▶ **DATA SHOWN**
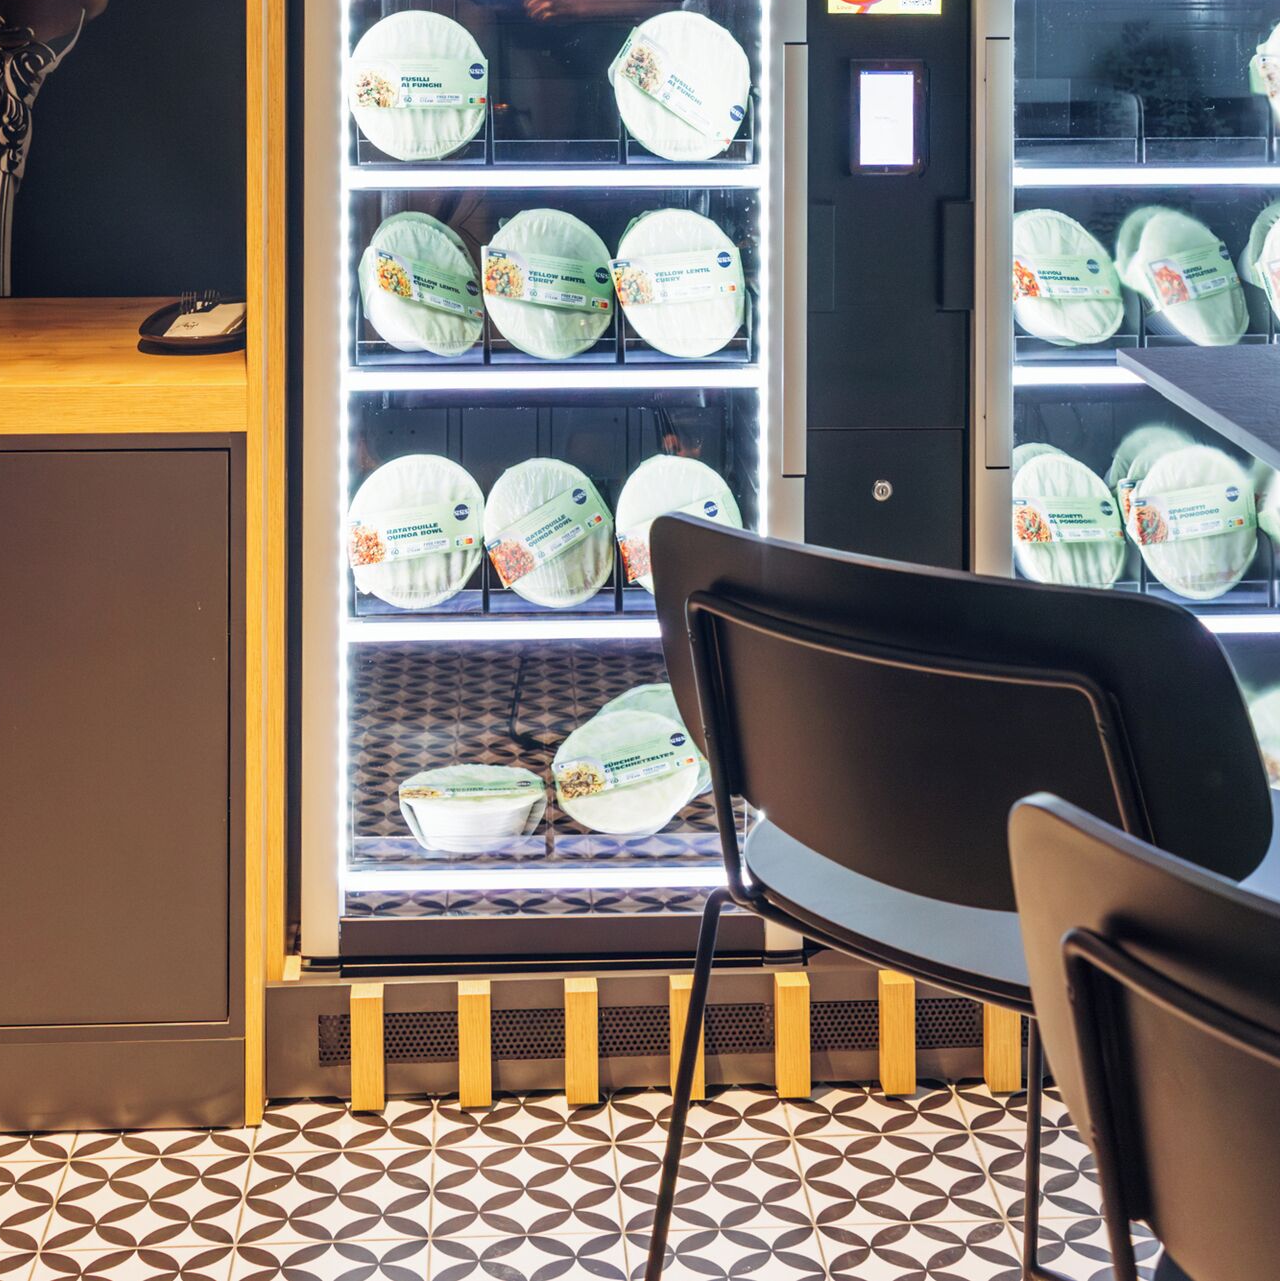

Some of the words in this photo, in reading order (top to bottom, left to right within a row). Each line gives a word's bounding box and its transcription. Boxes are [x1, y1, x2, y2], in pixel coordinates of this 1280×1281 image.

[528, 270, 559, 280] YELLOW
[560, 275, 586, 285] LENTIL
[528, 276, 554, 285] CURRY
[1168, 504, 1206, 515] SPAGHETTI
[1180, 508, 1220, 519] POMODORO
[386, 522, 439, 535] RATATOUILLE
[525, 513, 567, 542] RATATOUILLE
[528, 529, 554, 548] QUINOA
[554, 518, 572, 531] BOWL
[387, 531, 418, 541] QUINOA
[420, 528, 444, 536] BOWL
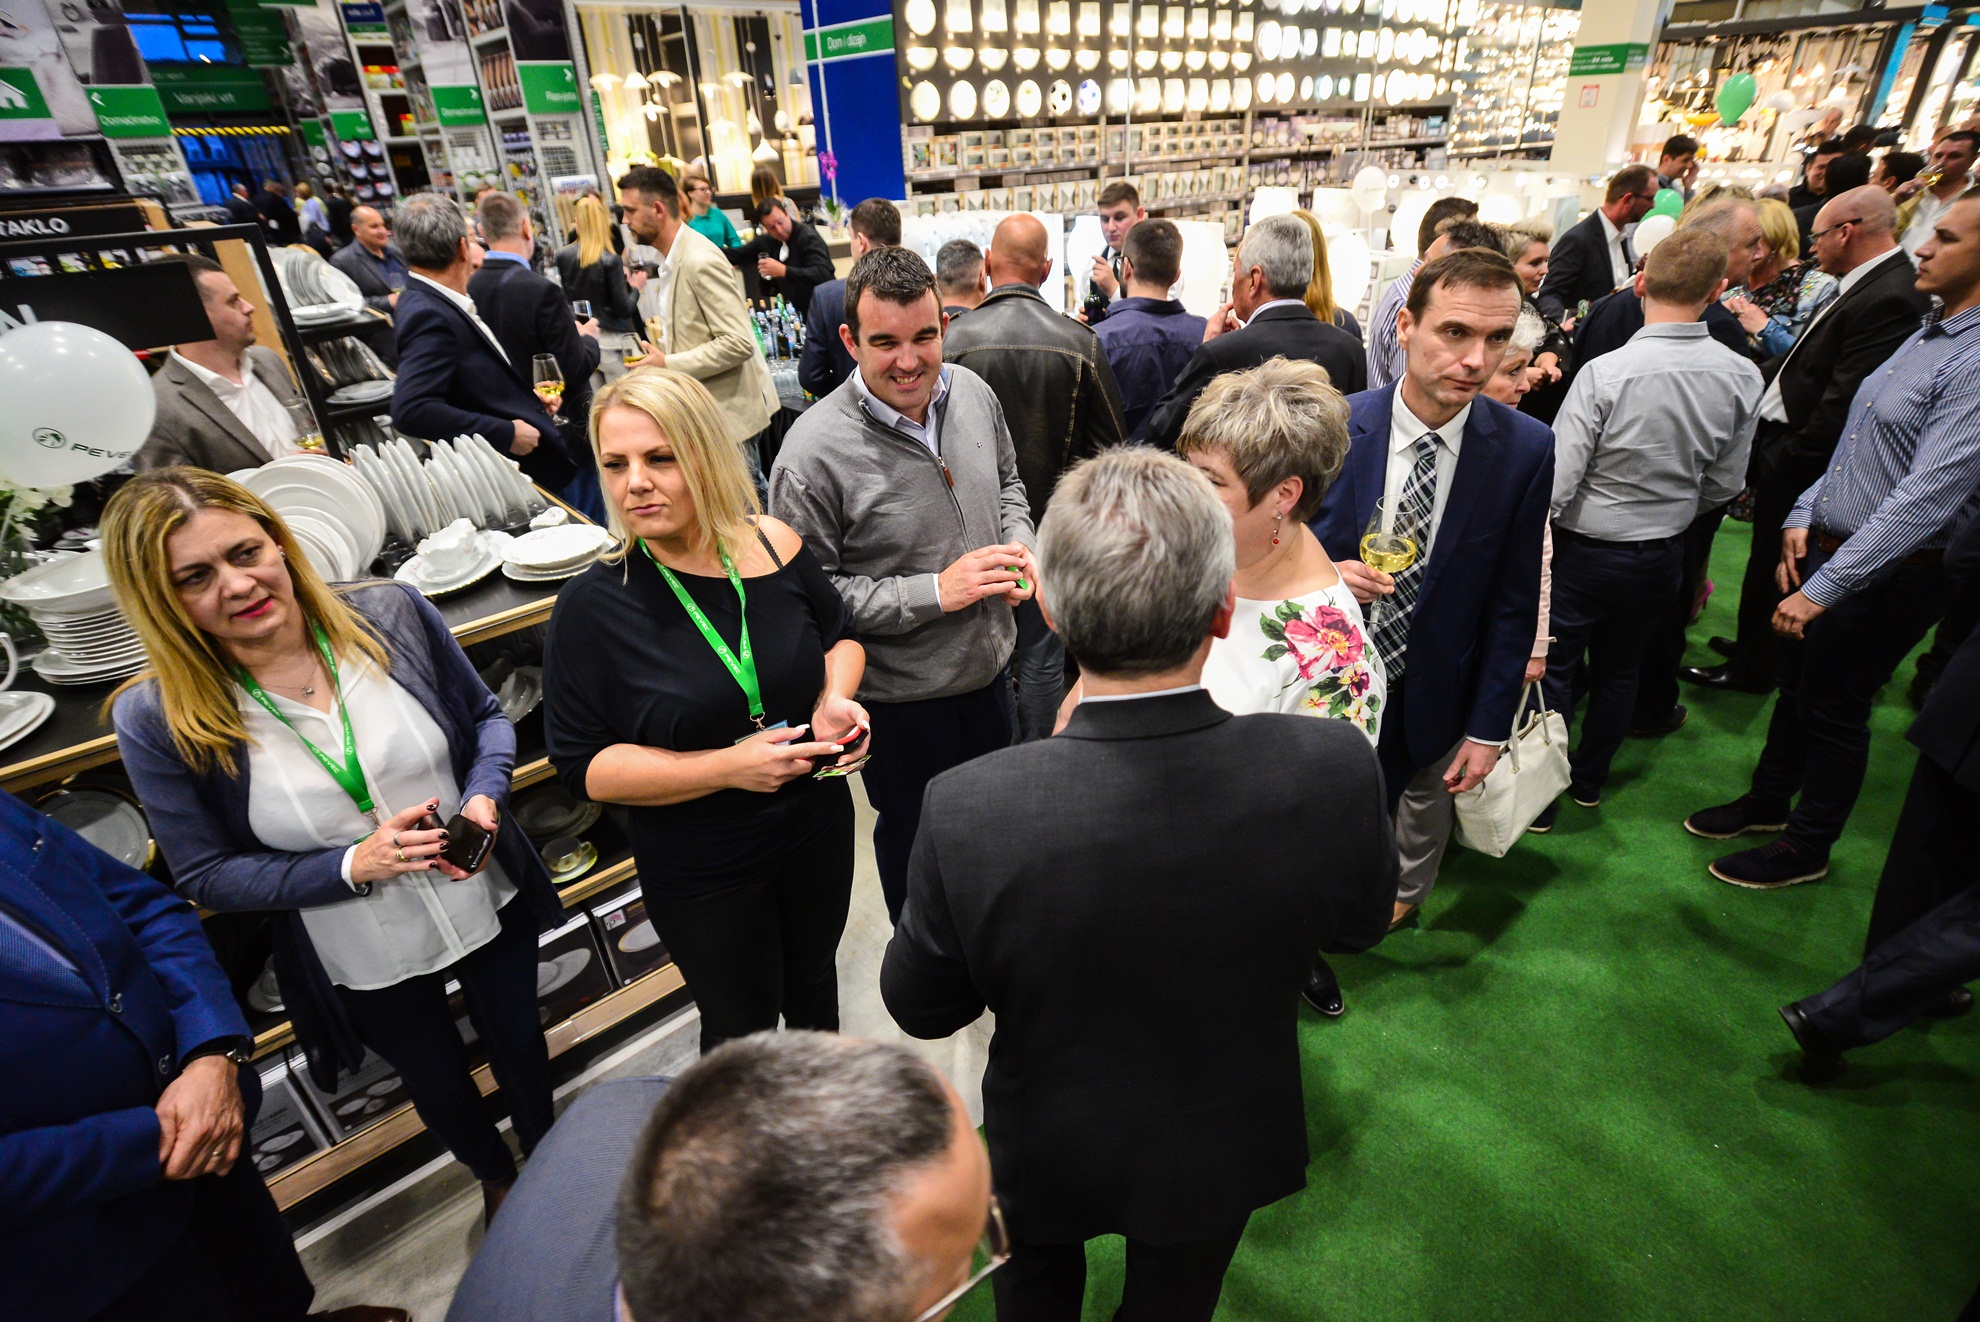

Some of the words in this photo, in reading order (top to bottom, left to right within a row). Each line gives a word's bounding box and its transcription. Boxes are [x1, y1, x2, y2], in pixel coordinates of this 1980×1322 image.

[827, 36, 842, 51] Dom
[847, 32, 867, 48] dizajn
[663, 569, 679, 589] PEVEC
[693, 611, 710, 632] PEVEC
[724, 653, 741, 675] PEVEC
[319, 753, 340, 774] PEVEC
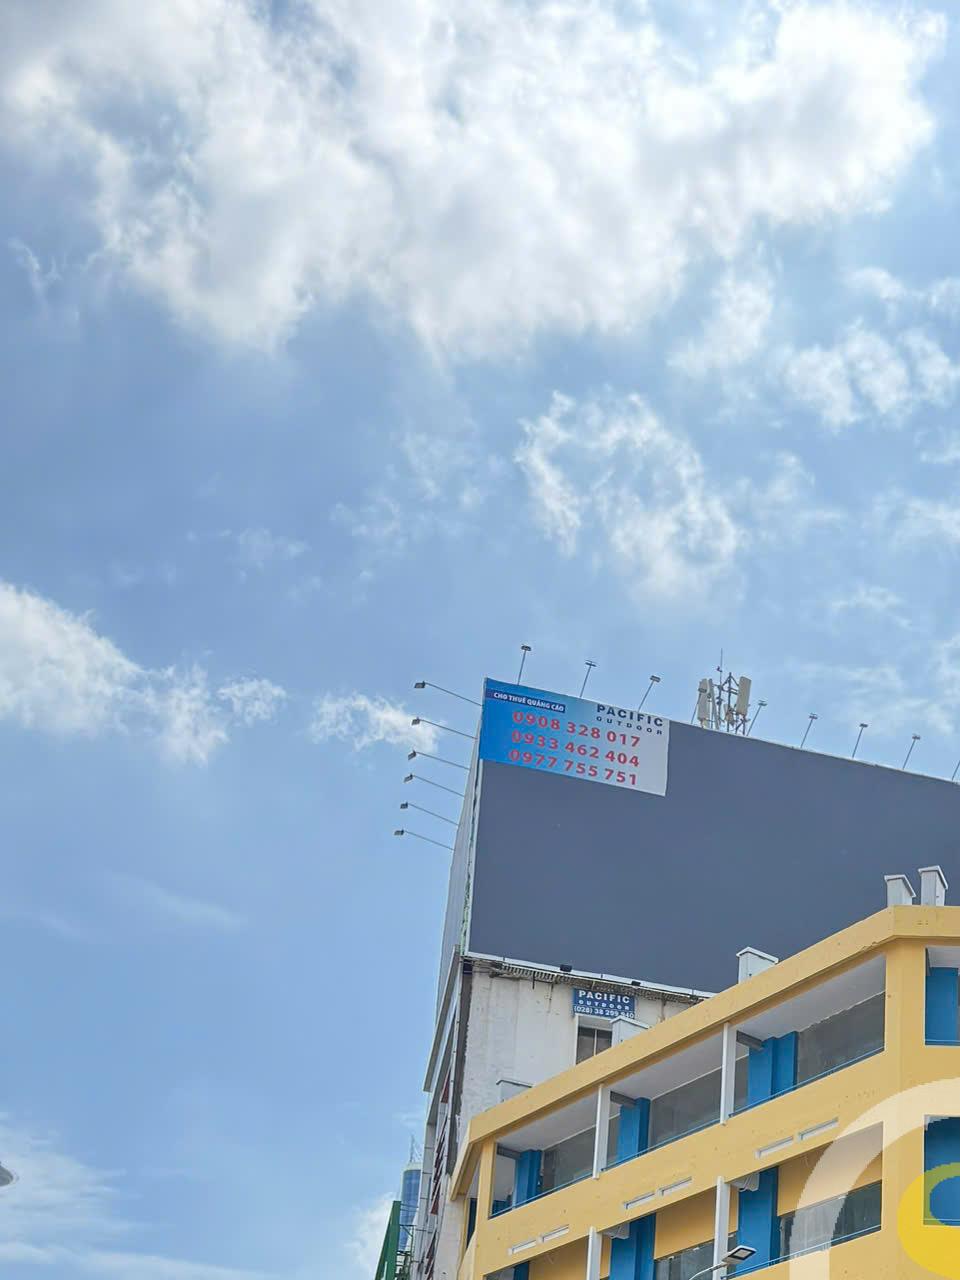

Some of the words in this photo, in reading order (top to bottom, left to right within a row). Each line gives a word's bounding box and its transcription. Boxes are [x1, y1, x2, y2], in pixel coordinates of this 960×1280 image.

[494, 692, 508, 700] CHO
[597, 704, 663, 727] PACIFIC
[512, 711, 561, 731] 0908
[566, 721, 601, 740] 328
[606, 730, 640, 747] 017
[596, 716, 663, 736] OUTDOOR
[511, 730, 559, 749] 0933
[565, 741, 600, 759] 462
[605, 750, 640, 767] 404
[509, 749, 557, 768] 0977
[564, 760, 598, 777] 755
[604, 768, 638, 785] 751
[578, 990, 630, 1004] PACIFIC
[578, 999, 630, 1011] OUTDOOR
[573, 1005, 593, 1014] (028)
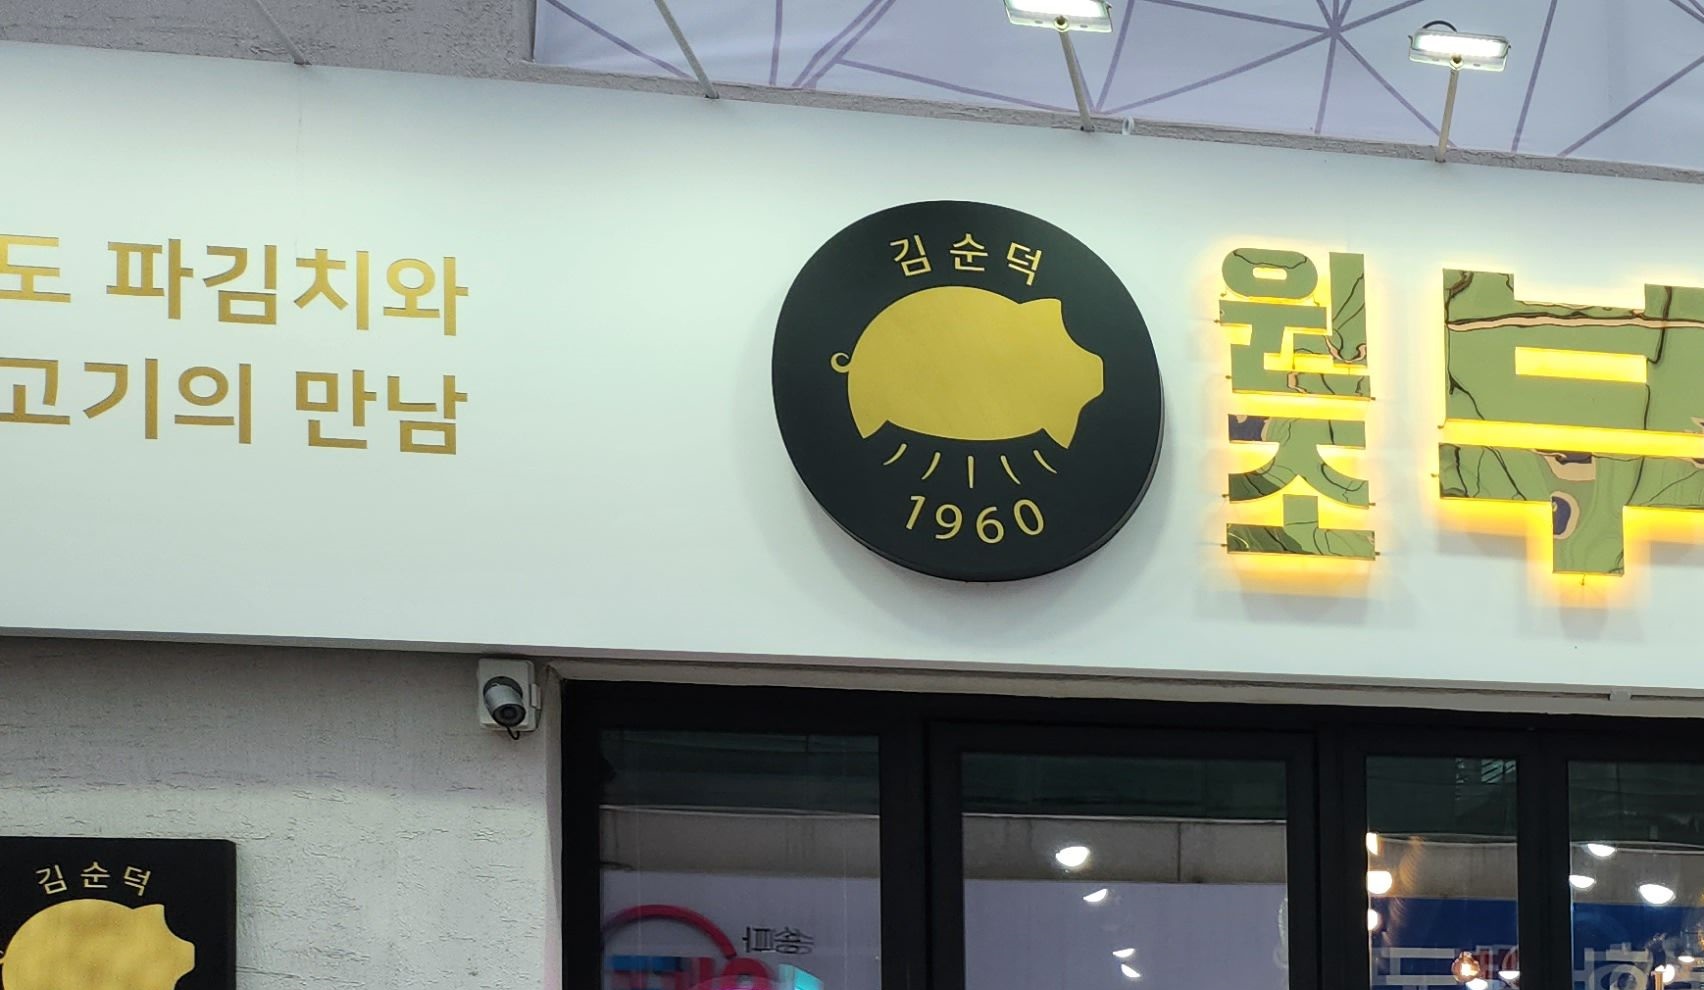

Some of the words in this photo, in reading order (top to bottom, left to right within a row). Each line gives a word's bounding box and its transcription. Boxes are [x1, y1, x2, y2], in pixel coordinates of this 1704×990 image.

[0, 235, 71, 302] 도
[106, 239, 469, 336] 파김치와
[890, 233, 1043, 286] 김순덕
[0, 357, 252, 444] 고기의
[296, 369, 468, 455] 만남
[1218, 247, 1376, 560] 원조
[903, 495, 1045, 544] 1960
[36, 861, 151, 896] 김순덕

▶ **PROBLEM**
Set down the material exactly as given, but print none of the pictures.

▶ **ANSWER BELOW**
Some of the words in this photo, in reading order (top to bottom, left to right within a row). Each line gives a word's bounding box and its transcription. Boxes are [x1, y1, x2, y2], in pixel coordinates of this 1280×1281 image.

[528, 270, 559, 280] YELLOW
[560, 275, 586, 285] LENTIL
[528, 276, 554, 285] CURRY
[1168, 504, 1206, 515] SPAGHETTI
[1180, 508, 1220, 519] POMODORO
[386, 522, 439, 535] RATATOUILLE
[525, 513, 567, 542] RATATOUILLE
[528, 529, 554, 548] QUINOA
[554, 518, 572, 531] BOWL
[387, 531, 418, 541] QUINOA
[420, 528, 444, 536] BOWL

Some of the words in this photo, in reading order (top to bottom, left to right within a row). Each line gives a word's bounding box and its transcription. Boxes are [x1, y1, x2, y2], in pixel coordinates of this 1980×1322 image.

[827, 36, 842, 51] Dom
[847, 32, 867, 48] dizajn
[663, 569, 679, 589] PEVEC
[693, 611, 710, 632] PEVEC
[724, 653, 741, 675] PEVEC
[319, 753, 340, 774] PEVEC

Some of the words in this photo, in reading order (top to bottom, left to right within a row). Each line gives a word's bounding box and its transcription. Boxes are [x1, y1, x2, y2], in pixel coordinates of this 960×1280 image.

[494, 692, 508, 700] CHO
[597, 704, 663, 727] PACIFIC
[512, 711, 561, 731] 0908
[566, 721, 601, 740] 328
[606, 730, 640, 747] 017
[596, 716, 663, 736] OUTDOOR
[511, 730, 559, 749] 0933
[565, 741, 600, 759] 462
[605, 750, 640, 767] 404
[509, 749, 557, 768] 0977
[564, 760, 598, 777] 755
[604, 768, 638, 785] 751
[578, 990, 630, 1004] PACIFIC
[578, 999, 630, 1011] OUTDOOR
[573, 1005, 593, 1014] (028)

Some of the words in this photo, in reading order (top to bottom, left to right within a row). Each line gives a word's bounding box and its transcription. Boxes are [x1, y1, x2, y2], in pixel coordinates of this 1704×990 image.

[0, 235, 71, 302] 도
[106, 239, 469, 336] 파김치와
[890, 233, 1043, 286] 김순덕
[0, 357, 252, 444] 고기의
[296, 369, 468, 455] 만남
[1218, 247, 1376, 560] 원조
[903, 495, 1045, 544] 1960
[36, 861, 151, 896] 김순덕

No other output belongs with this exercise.